Nick Knox, the former drummer of The Cramps, dies at 60
The furrow-browed drummer of the punk band, The Cramps, died at the age of 60, although how he died remains unknown.
The Cramps drummer, Nick Knox, who was known to be the furrow-browed drummer of the great punk band, died on Friday at the age of 60. The drummer played with the Cramps in their first four classic albums, including 'Human Fly', 'Sunglasses After Dark', and 'Call of the Wighat'. Knox was also a part of the band's infamous concert in 1978 at the Napa State Mental Hospital, where the Cramps tore through a set for the institution's patients.
Former members of the Cramps, including the band's second drummer Mirian Linna and guitarist Kid Congo Powers, confirmed Knox's death on social media. The reason of death is not yet known. Linna records in a lengthy Facebook post: "I last saw Nicky – Nick Knox- - who most you know as the drummer of note for 70’s bands the electric eels and the Cramps, last weekend, in intensive care at the Cleveland Clinic. It was heartbreaking, as I had spent a few great days with him at the end of April when I went out to Ohio to hunt down photos from George Shuba and meet with Wally Bryson regarding the record we were about to issue on his great band, the Choir. Nicky had seemed well and happy at that time, all charged up and ready to go.
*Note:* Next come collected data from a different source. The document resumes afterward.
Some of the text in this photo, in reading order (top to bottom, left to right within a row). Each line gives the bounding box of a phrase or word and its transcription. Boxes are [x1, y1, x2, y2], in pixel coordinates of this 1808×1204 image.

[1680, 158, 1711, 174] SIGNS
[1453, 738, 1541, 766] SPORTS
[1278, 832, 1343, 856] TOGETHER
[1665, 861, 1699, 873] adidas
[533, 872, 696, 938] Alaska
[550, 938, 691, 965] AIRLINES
We had a ball with George, and it was great listening to the two of them talking about every rock n roll show that had ever happened in Cleveland, it seems."
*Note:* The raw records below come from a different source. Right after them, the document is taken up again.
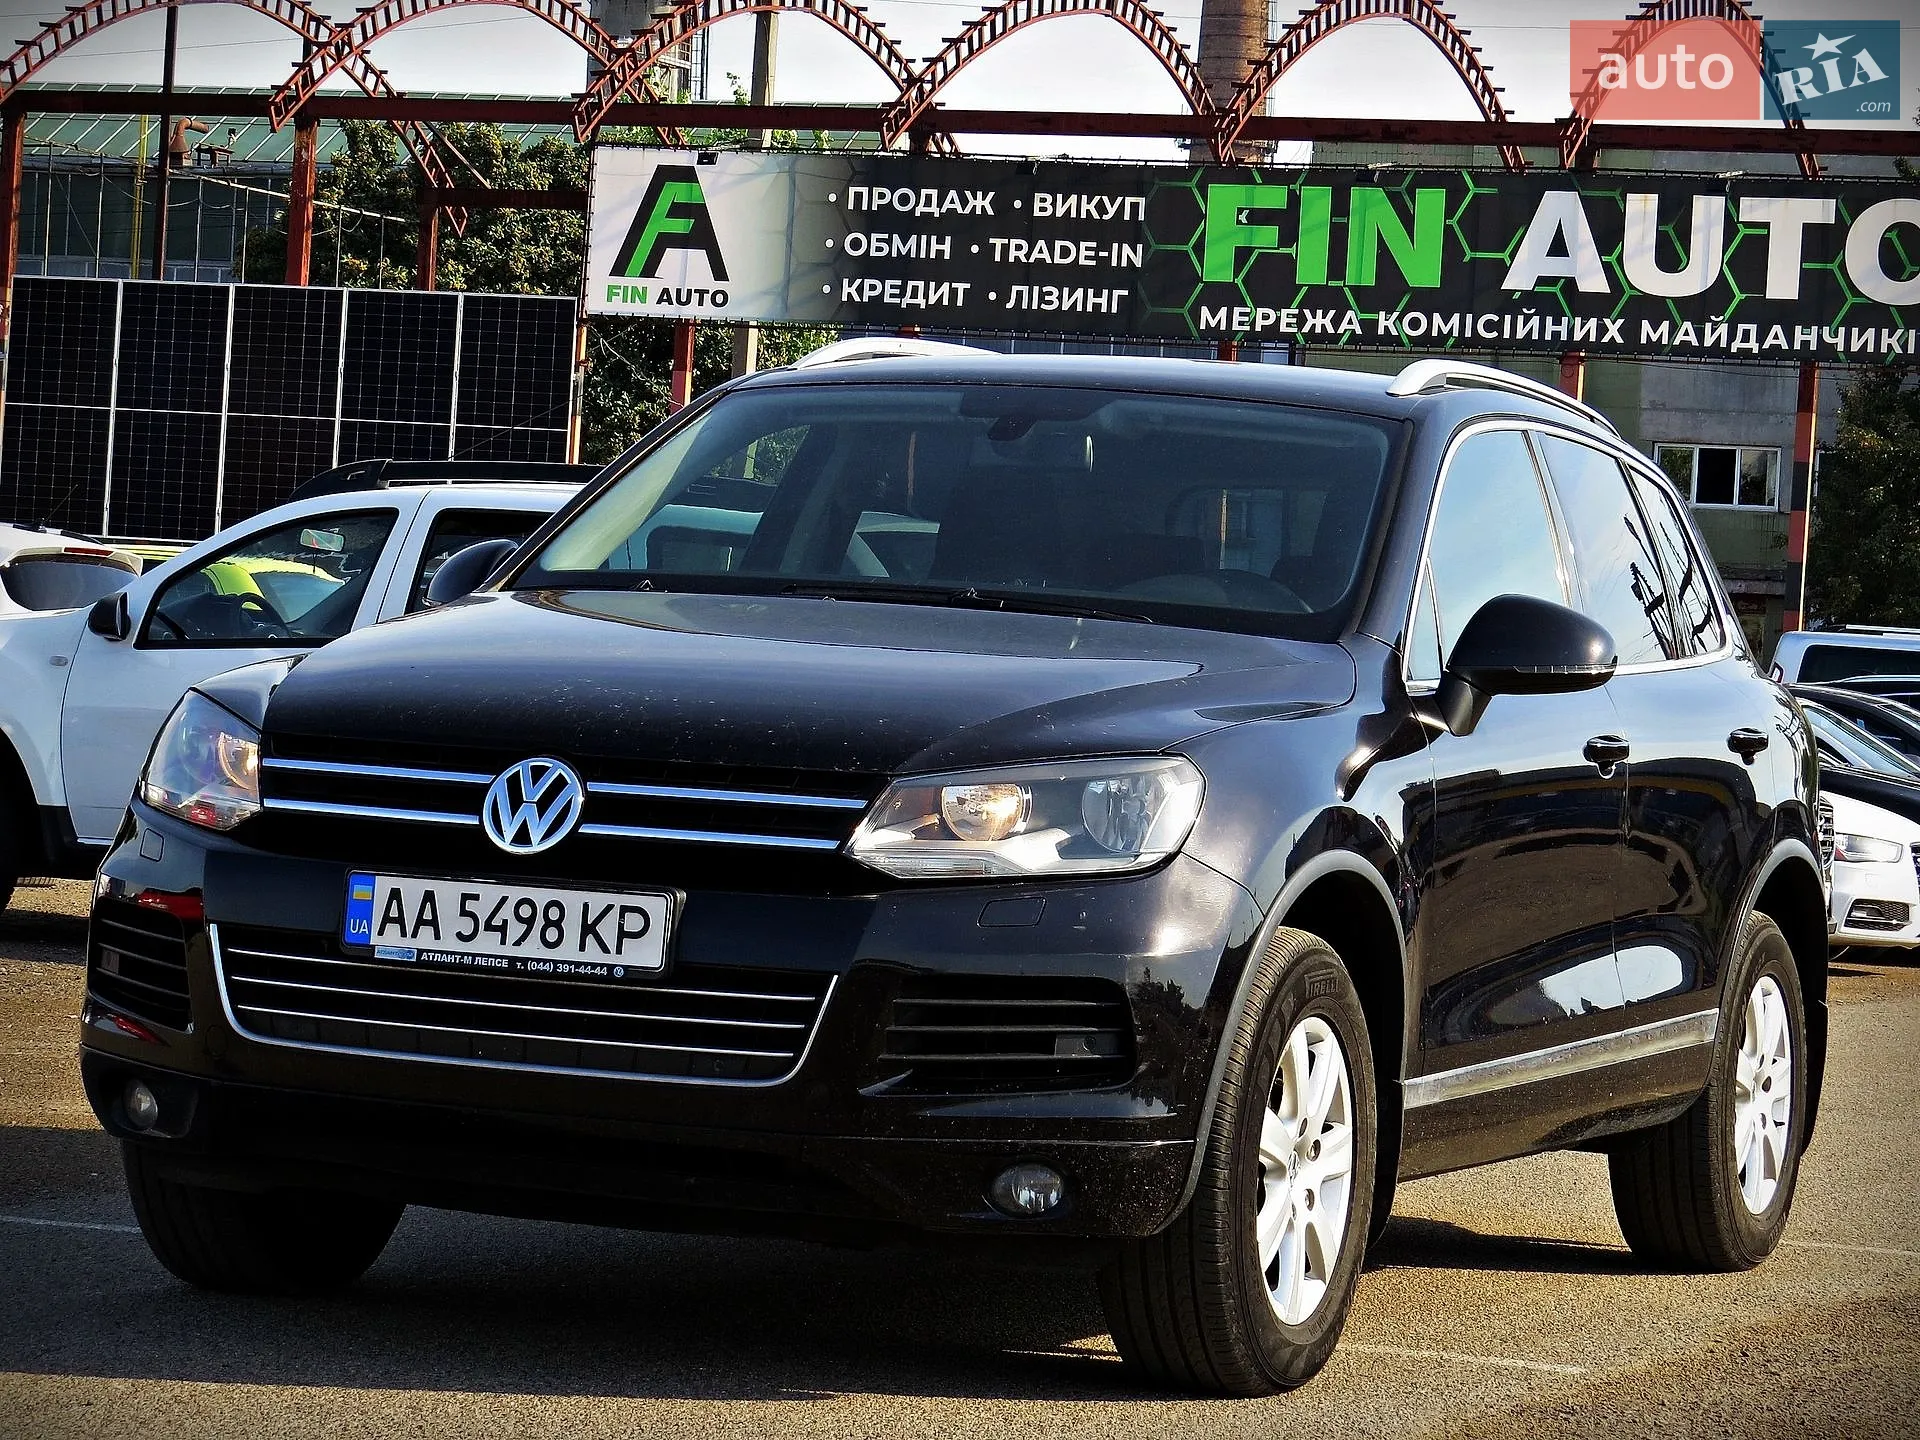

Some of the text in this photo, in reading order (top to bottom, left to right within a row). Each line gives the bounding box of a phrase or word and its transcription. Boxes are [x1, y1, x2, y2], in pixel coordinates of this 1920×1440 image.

[847, 186, 1146, 222] ПРОДАЖ ВИКУП
[843, 232, 1143, 267] ОБМІН TRADE-IN
[1202, 183, 1920, 305] FIN AUTO
[606, 285, 729, 308] FIN AUTO
[841, 279, 1128, 313] КРЕДИТ ЛІЗИНГ
[1199, 306, 1362, 334] МЕРЕЖА
[1379, 306, 1625, 344] КОМІСІЙНИХ
[350, 918, 368, 934] UA
[377, 888, 651, 955] AA 5498 KP
[421, 953, 472, 965] АТЛАНТ-М
[474, 957, 508, 967] ЛЕПСЕ
[527, 960, 553, 972] (044)
[556, 963, 607, 975] 391-44-44
[1304, 968, 1339, 998] PIRELLI
Linna shared memories of her time with Knox, from when they knew each other before being in bands to when they rekindled their old friendship after 40 years. She wrote of how his phone call out of the blue saved her "from falling into a well," their Cleveland music history and their deep, shared love of the Kinks, and how her return to "speaking with Nicky every day reminded me of the really fantastic days of fandom and record hoarding."
"My friend Nick Knox shuffled off the mortal coil last night," Morton, of the Electric Eels, wrote on Twitter Friday (June 15).
Born as Nicholas Stephanoff, the drummer served in the short-lived Cleveland protopunk band, the 'Electric Eels', before joining Lux Interior and Poison Ivy in the Cramps in 1977, according to a Rolling Stone report. Knox has served as the longest-tenured drummer for the Cramps on four studio albums- 'Songs the Lord Taught Us' (produced by Alex Chilton in 1980), 'Psychedelic Jungle' in 1981, 'A Date With Elvis' in 1986 and 'Stay Sick!' in 1990.
Knox left the Cramps in 1991, and almost removed himself from the music scene. Although he would still collaborate with a handful of Ohio-based bands and DJing over the decades. The Cramps were the contemporaries of New York's CBGB scene alongside the Ramones, Television, and others.